(Dataset Opens)

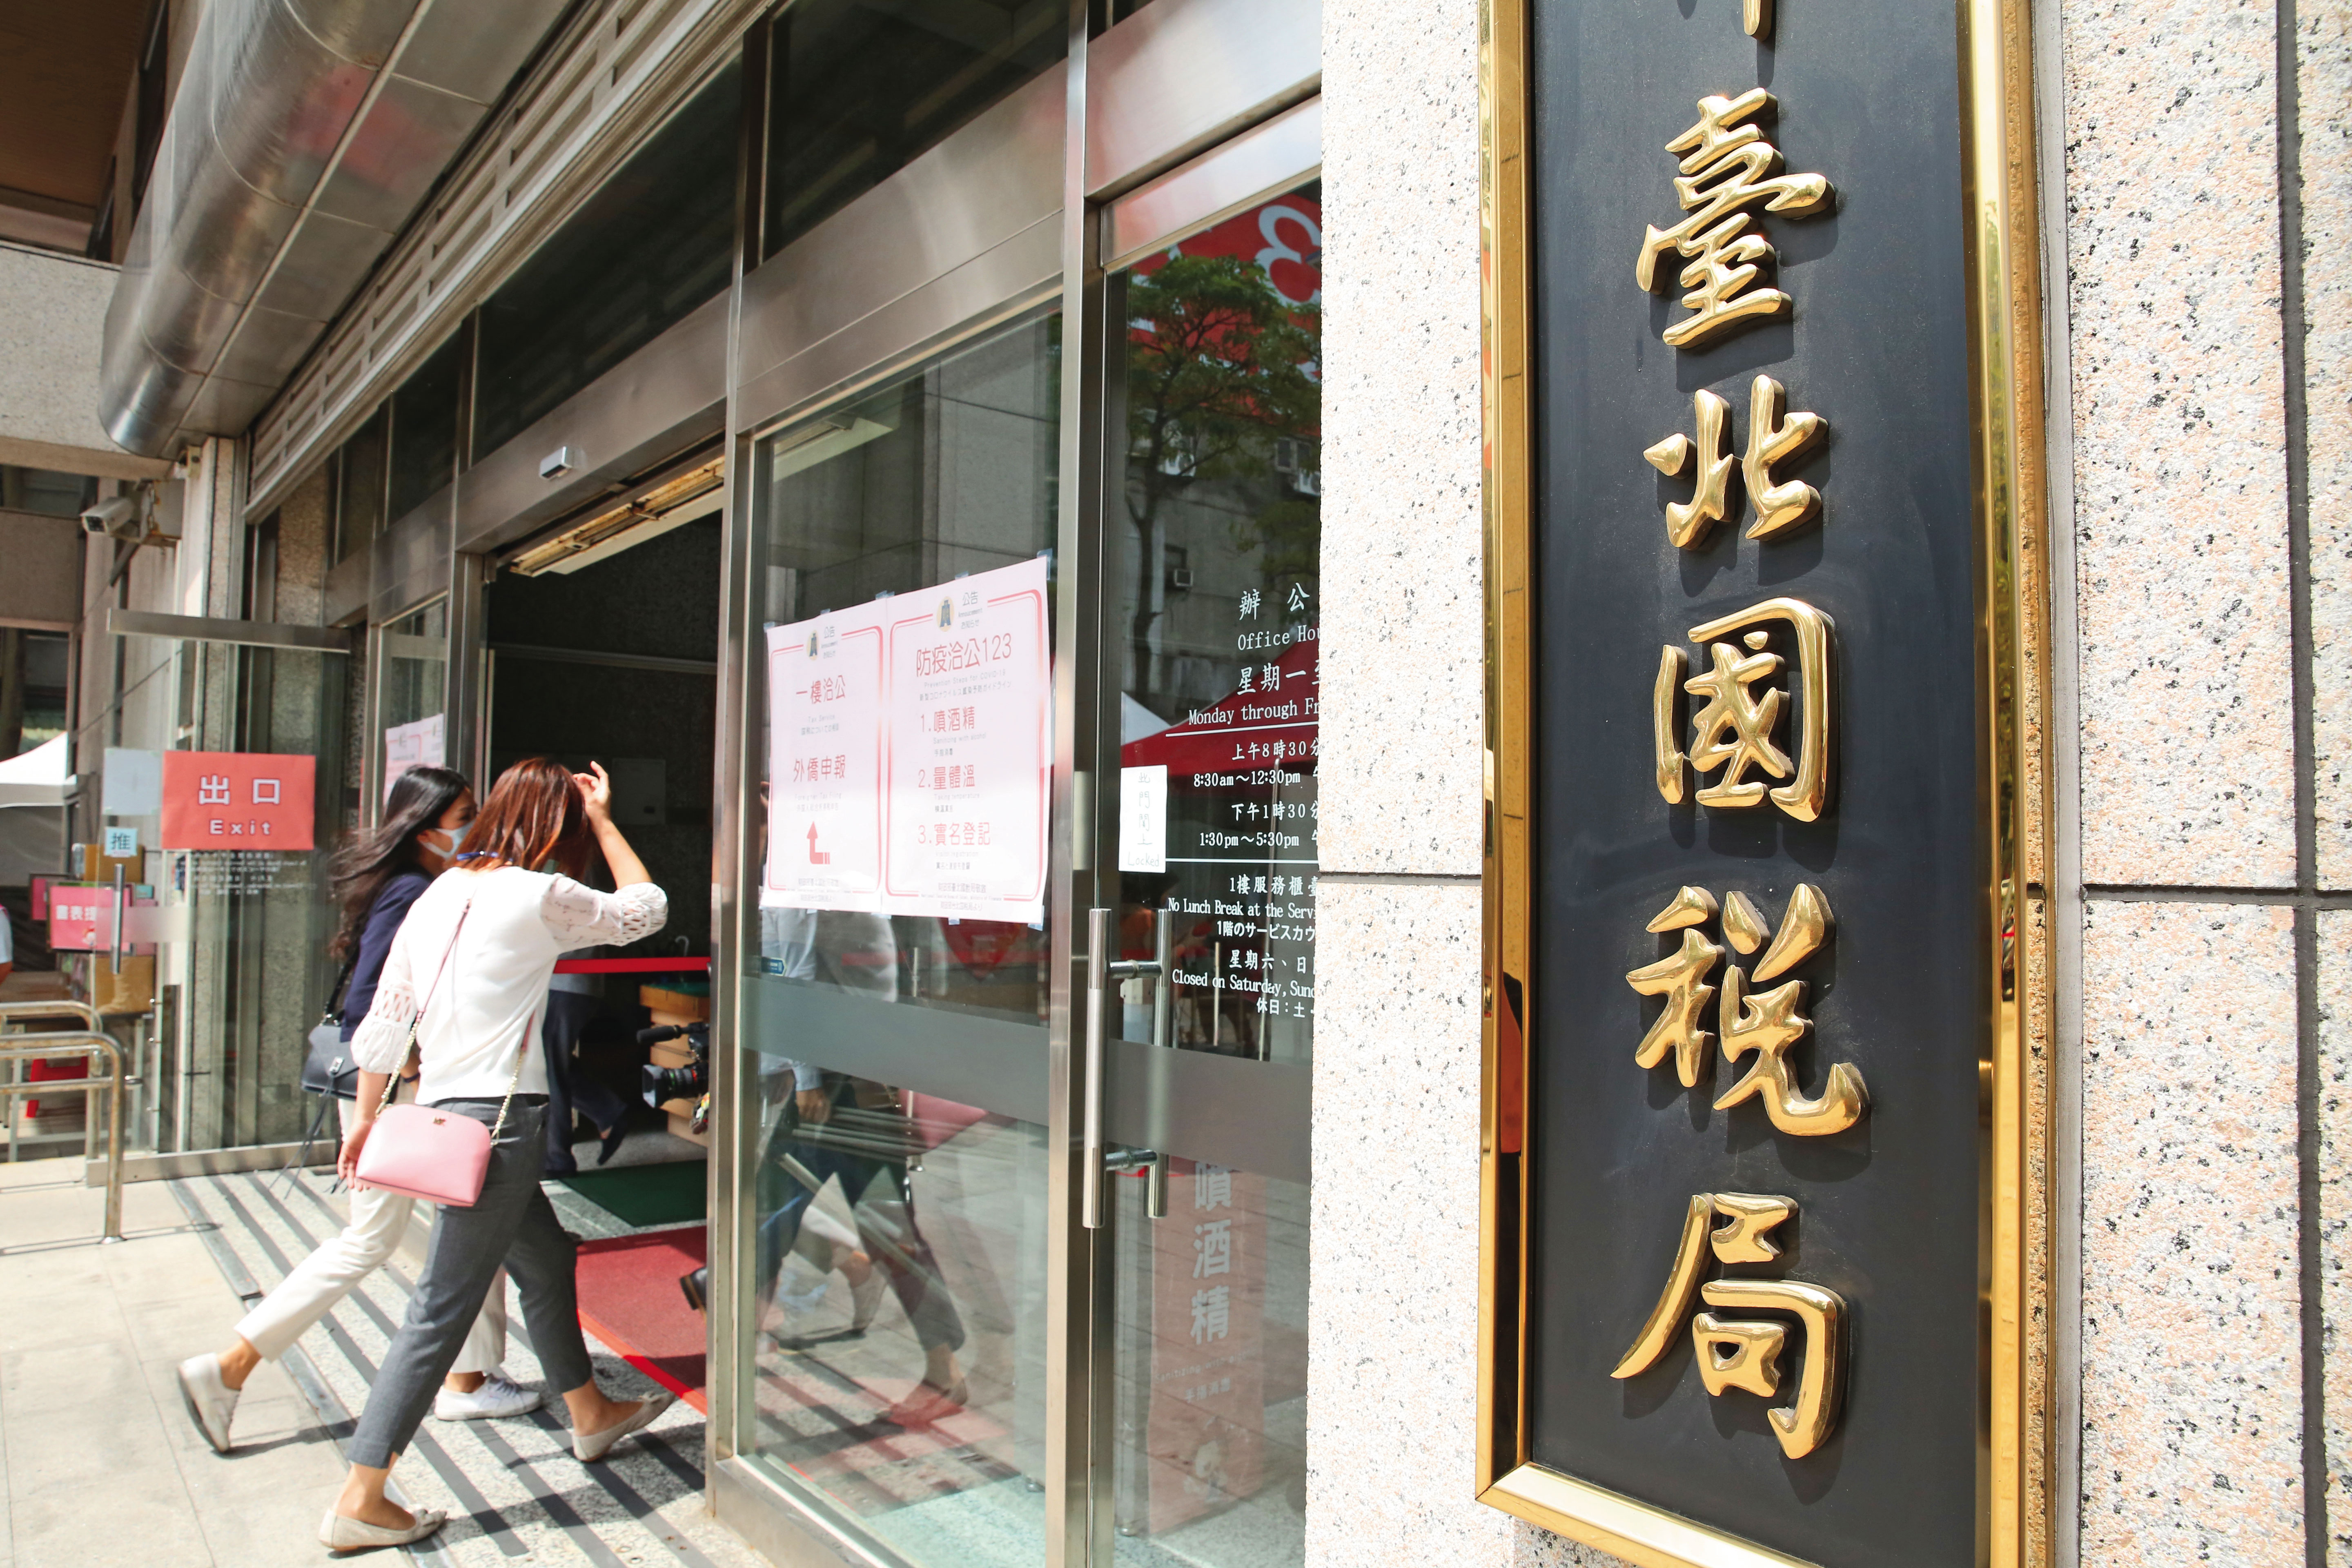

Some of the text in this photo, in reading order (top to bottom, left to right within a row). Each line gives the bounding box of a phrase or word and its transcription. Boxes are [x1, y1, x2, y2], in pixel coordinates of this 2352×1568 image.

[962, 591, 978, 606] 公告
[1238, 630, 1290, 650] Office
[916, 633, 1011, 677] 防疫洽公123
[796, 675, 846, 704] 一樓洽公
[1189, 707, 1234, 725] Monday
[1241, 699, 1298, 720] through
[1610, 0, 1863, 1460] 臺北國稅局
[793, 754, 846, 783] 外僑申報
[199, 774, 281, 805] 出口
[209, 819, 271, 835] Exit
[110, 832, 131, 850] 推
[1128, 851, 1160, 867] Locked
[1168, 897, 1180, 912] No
[1183, 898, 1211, 914] Lunch
[1214, 899, 1244, 916] Break
[1247, 903, 1261, 917] at
[1265, 902, 1283, 918] the
[1217, 920, 1316, 942] 1階のサービスカウ
[1229, 949, 1315, 975] 星期六、日
[1172, 969, 1208, 987] Closed
[1212, 976, 1225, 989] on
[1229, 973, 1287, 998] Saturday,
[1190, 1163, 1232, 1345] 噴酒精

(Dataset Closes)

With the pictures left aside, write out all of the records above exactly.

» Solution for this task
Some of the text in this photo, in reading order (top to bottom, left to right within a row). Each line gives the bounding box of a phrase or word and its transcription. Boxes are [x1, y1, x2, y2], in pixel coordinates of this 2352×1568 image.

[962, 591, 978, 606] 公告
[1238, 630, 1290, 650] Office
[916, 633, 1011, 677] 防疫洽公123
[796, 675, 846, 704] 一樓洽公
[1189, 707, 1234, 725] Monday
[1241, 699, 1298, 720] through
[1610, 0, 1863, 1460] 臺北國稅局
[793, 754, 846, 783] 外僑申報
[199, 774, 281, 805] 出口
[209, 819, 271, 835] Exit
[110, 832, 131, 850] 推
[1128, 851, 1160, 867] Locked
[1168, 897, 1180, 912] No
[1183, 898, 1211, 914] Lunch
[1214, 899, 1244, 916] Break
[1247, 903, 1261, 917] at
[1265, 902, 1283, 918] the
[1217, 920, 1316, 942] 1階のサービスカウ
[1229, 949, 1315, 975] 星期六、日
[1172, 969, 1208, 987] Closed
[1212, 976, 1225, 989] on
[1229, 973, 1287, 998] Saturday,
[1190, 1163, 1232, 1345] 噴酒精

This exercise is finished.